Boonen is not too shabby either...had a great one-day-race season this year.

I hope both are at the top of their game this Spring - if so - those races will be just the tonic we need after a somewhat depressing TdF and Autumn/Winter news cycle.

With Sparticus and Boonen (plus a few others like J Rod and Gilbert) making the Spring pop and the likely return of Conti to a very challenging TdF to face off against Andy and Froome - we could be in for a great season.
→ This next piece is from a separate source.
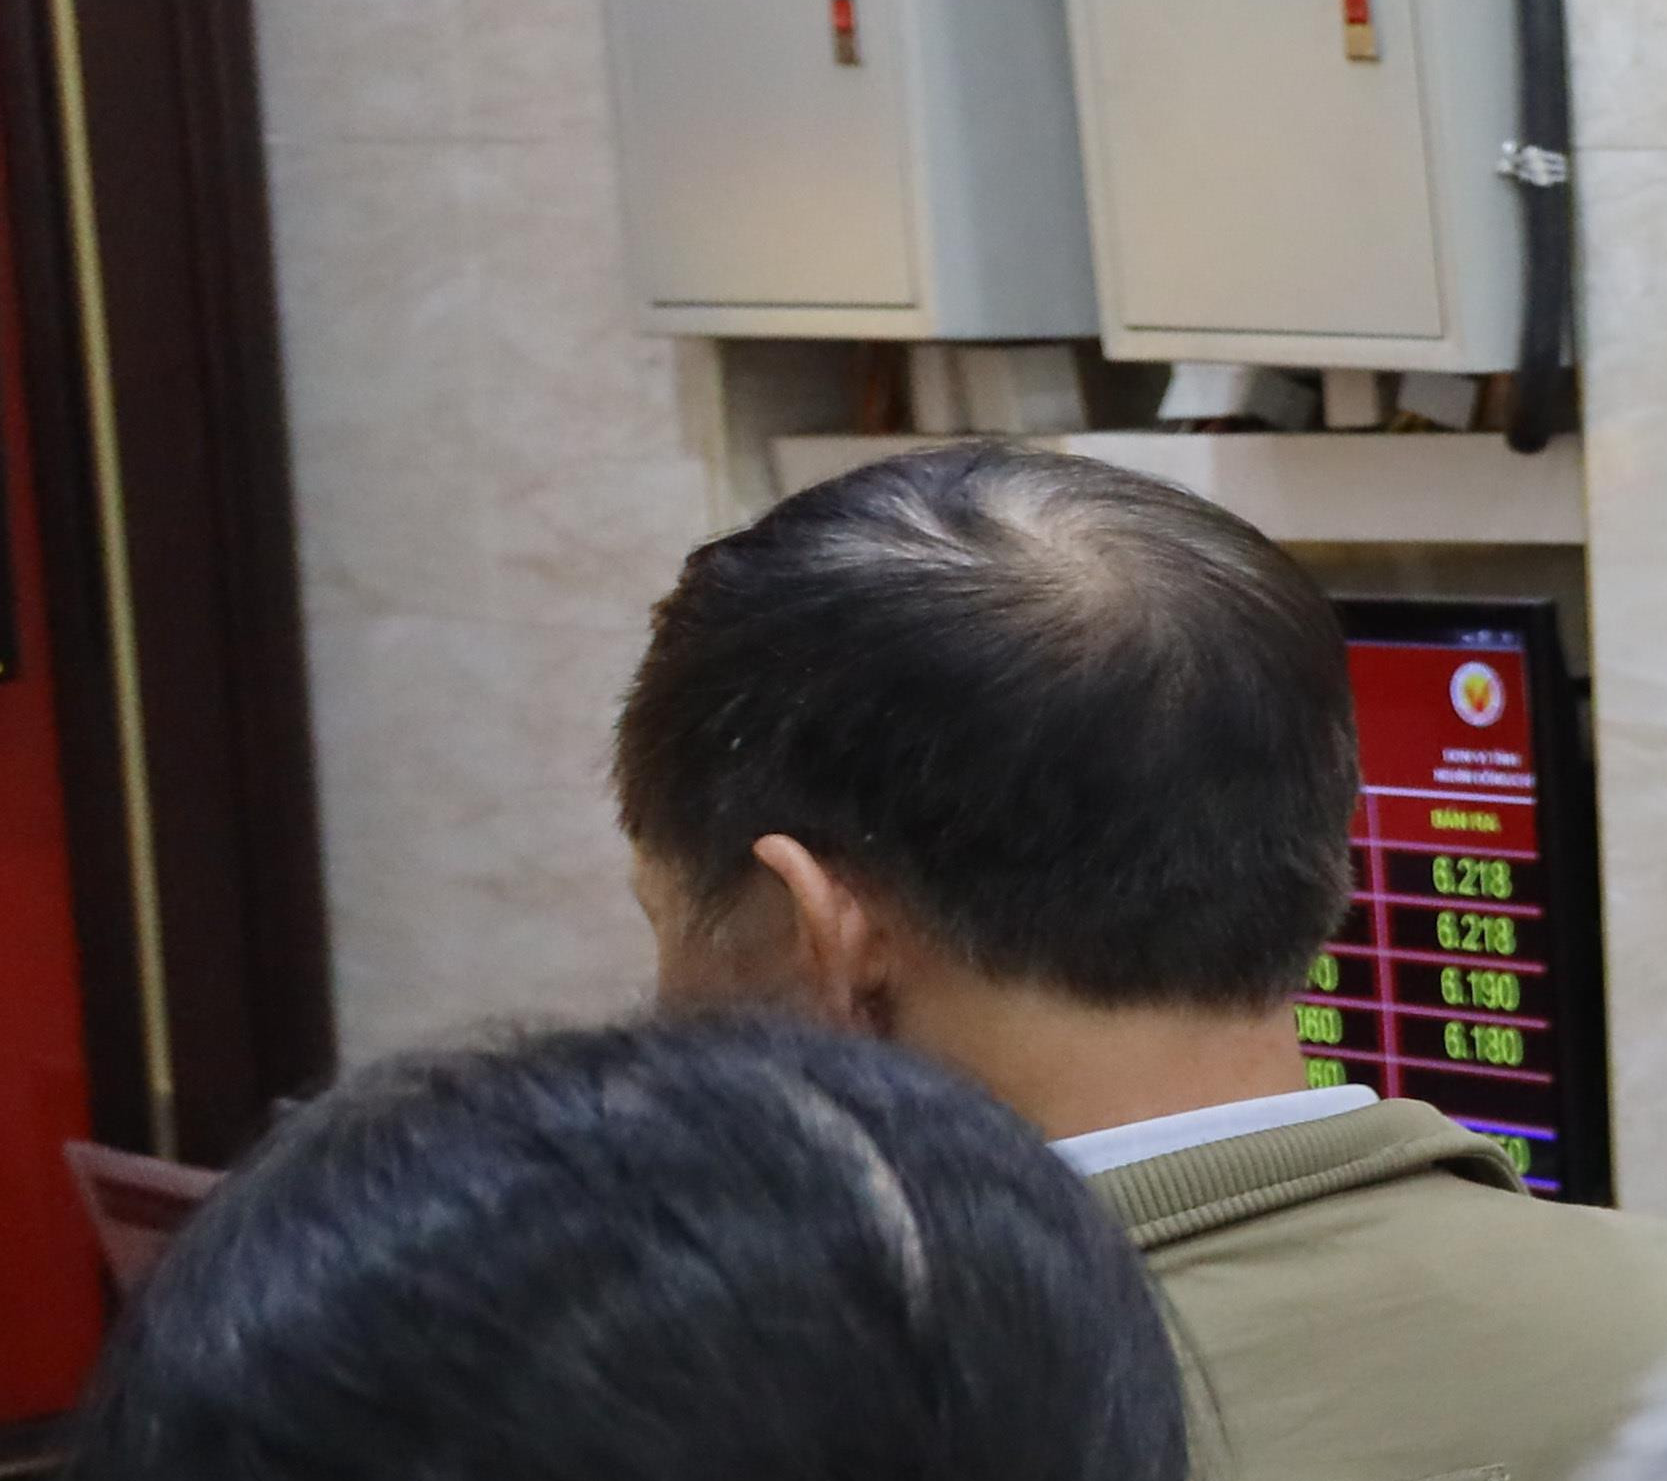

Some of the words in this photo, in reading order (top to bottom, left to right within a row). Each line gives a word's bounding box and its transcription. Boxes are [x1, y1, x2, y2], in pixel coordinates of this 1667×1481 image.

[1432, 855, 1514, 900] 6.218
[1436, 910, 1517, 956] 6.218
[1440, 966, 1521, 1012] 6.190
Can't see the 2013 Veulta beating this year's for excitment though - but one can hope.


----------



## Cableguy (Jun 6, 2010)

LostViking said:


> Boonen is not too shabby either...had a great one-day-race season this year.
> 
> I hope both are at the top of their game this Spring - if so - those races will be just the tonic we need after a somewhat depressing TdF and Autumn/Winter news cycle.
> 
> With Sparticus and Boonen (plus a few others like J Rod and Gilbert) making the Spring pop and the likely return of Conti to a very challenging TdF to face off against Andy and Froome - we could be in for a great season. Can't see the 2013 Veulta beating this year's for excitment though - but one can hope.


I have a _*fever*_... and the only cure is more doped up racing!


----------



## Cableguy (Jun 6, 2010)

When talking about cheaters coming forward and being kicked off teams, "I say let’s close the page. The past is the past; these people have a lot of experience and can still play a role in this new, modern cycling.”
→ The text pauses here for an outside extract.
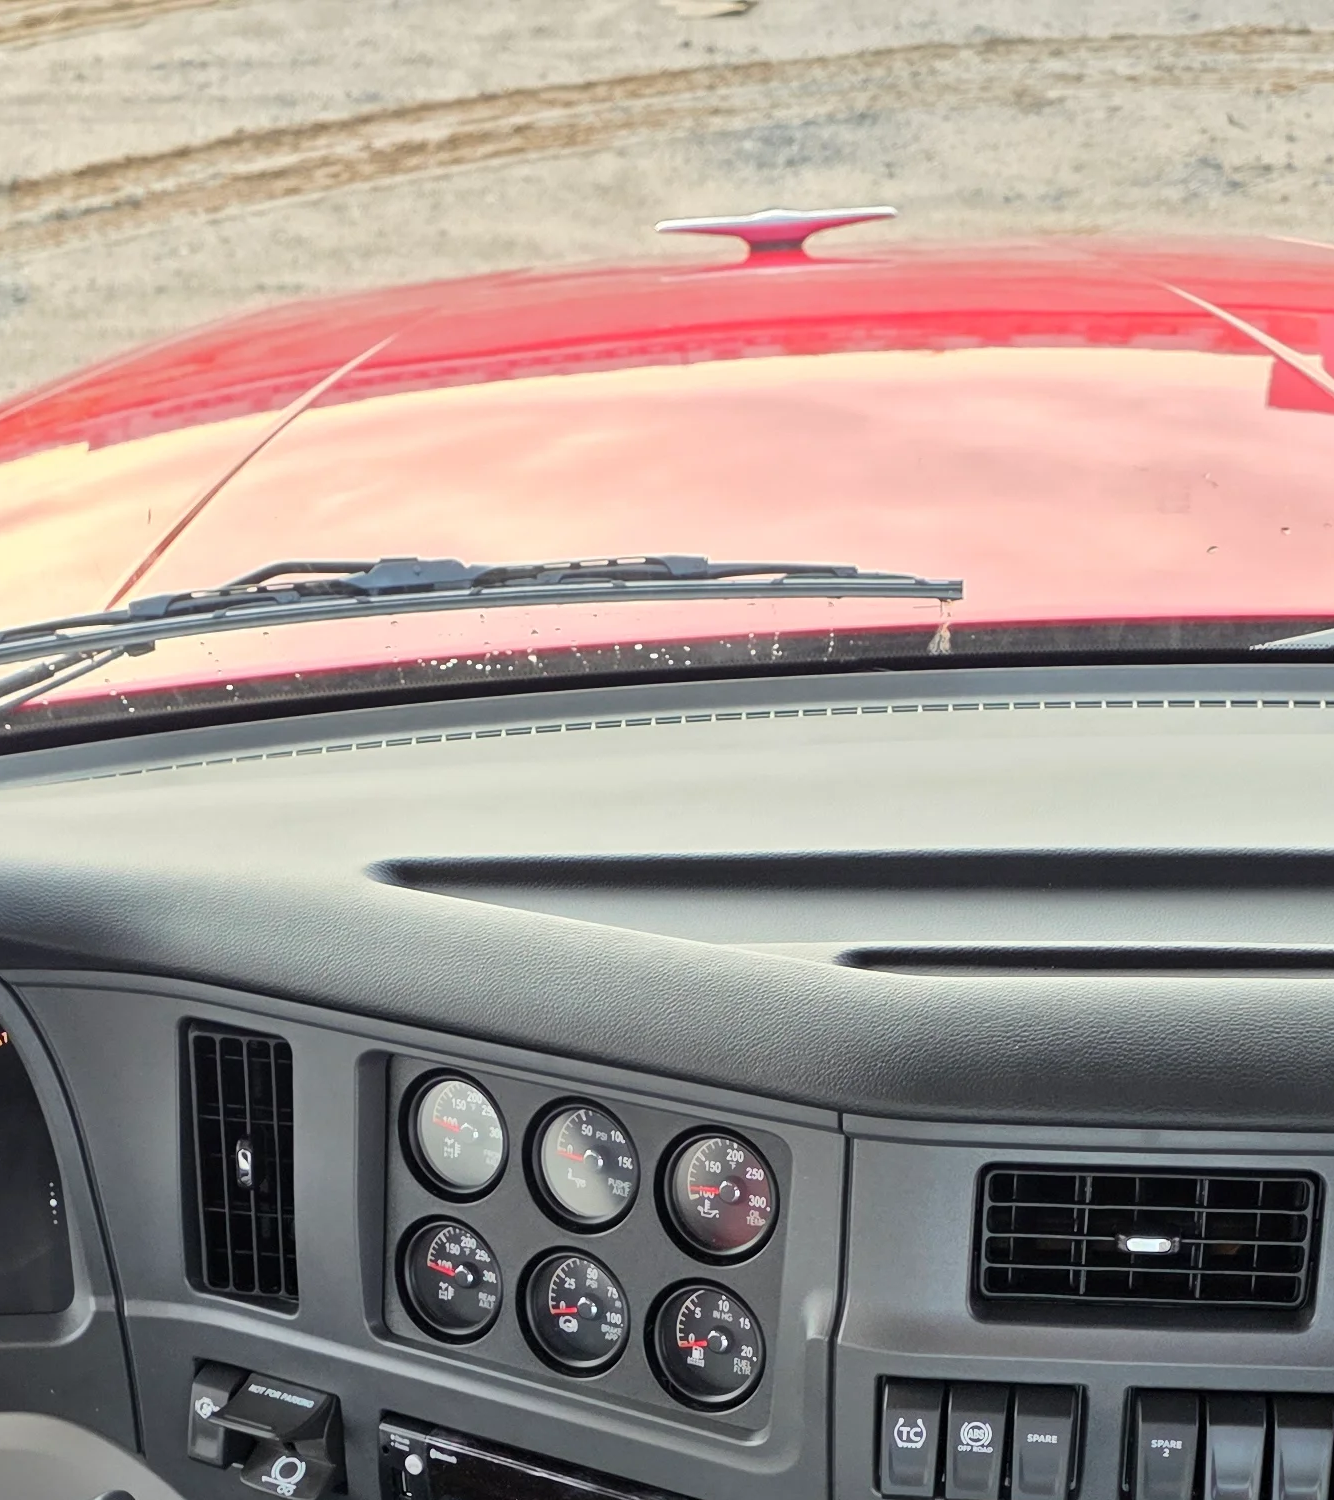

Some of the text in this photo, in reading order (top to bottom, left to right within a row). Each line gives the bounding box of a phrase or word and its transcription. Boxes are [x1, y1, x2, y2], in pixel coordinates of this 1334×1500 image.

I wonder what drugs Fabian was (or is) taking


----------



## LostViking (Jul 18, 2008)

Cableguy - wrong forum - but keep going and it'll be the right forum - right?


----------



## spade2you (May 12, 2009)

I have a theory that everything eventually turns to doping, how dreamy they are, and/or how good their kit looks this year. I wish I were wrong.


----------



## LostViking (Jul 18, 2008)

spade2you said:


> I have a theory that everything eventually turns to doping, how dreamy they are, and/or how good their kit looks this year. I wish I were wrong.


This will always hold true if those who like to breath deeply of that "other" forum can't contain themselves and insist on recreating every forum here in that forum's image.

There is a perfectly good reason why these forums are seperated - Coolhand?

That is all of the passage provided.